201019305 IX. Description of the invention: [Technical field of invention] A display method of a color sequential liquid crystal color display, in particular, a driving control method for a color sequential liquid crystal color display which increases luminous flux and increases color saturation. [Prior Art] • The color-sequence liquid crystal color display mainly uses a multi-color backlight that is sequentially switched to pass through the liquid crystal shutter channel, and controls the closing and opening of the liquid crystal shutter channel® to generate a sequential original color map field. It displays a colorful display by mixing the color of the human eye. Please refer to "Figure 1". The control signal timing 1 is used to drive the liquid crystal shutter channel to close and open, but the liquid crystal shutter channel is limited by liquid crystal molecules. According to the response time, the penetration curve 2 of the liquid crystal shutter channel cannot be reacted immediately, and there are two kinds of optical response delays such as the opening delay 3 and the closing delay 4. Another color light control signal 5B switched at the 0N/0FF position, in the 0N position, can drive the multi-color backlight to emit the φ backlight 5 to pass through the liquid crystal shutter channel. Please refer to Figure 2 again.
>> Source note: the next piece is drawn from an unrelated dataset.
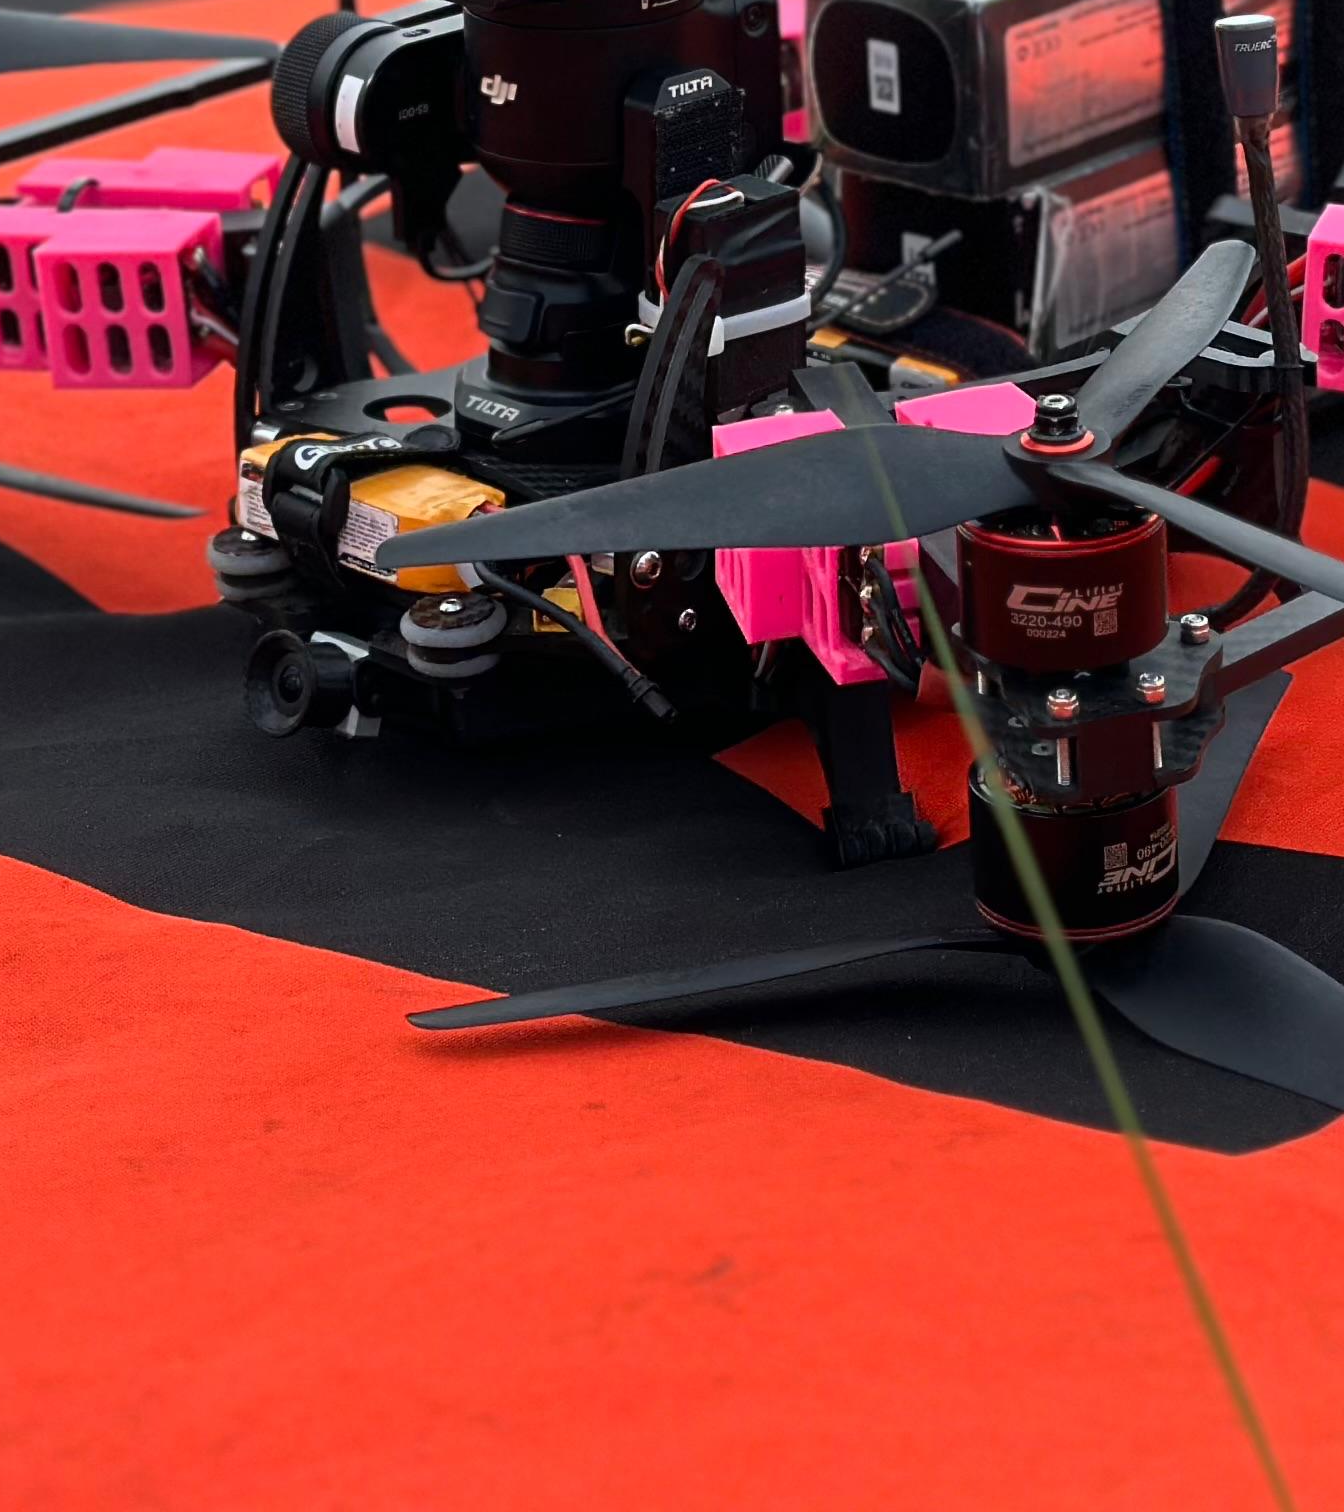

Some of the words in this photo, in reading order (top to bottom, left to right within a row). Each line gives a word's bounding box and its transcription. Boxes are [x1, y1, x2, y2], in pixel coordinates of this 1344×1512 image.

The LCD shutter channel is matched with the backlight of the multi-color backlight that is sequentially switched (shown as red 6 (R), green 7 (G), and blue 8 (B). ) Sequential switching) use, when used to display the solid color of red light 6, green light 7, blue light 8 (patterns: r, g, b), the penetration curve 2 of the liquid crystal shutter channel will be closed Extending 4 to cover the light of the post-order color, that is, when the red light 6 is displayed, part of the green light 7 will also penetrate, and when the green light 7 is displayed, part of the blue light 8 will penetrate and display the blue light 8 when part of The red light 6 will penetrate, thus causing a deviation in the display color. When it is used for the mixing of 2 201019305 two kinds of light (patterns: c, m, y), it will also cause the light of the subsequent order to penetrate because of the closed σ delay of 4, thus causing its The resulting color does not have a color shift phenomenon.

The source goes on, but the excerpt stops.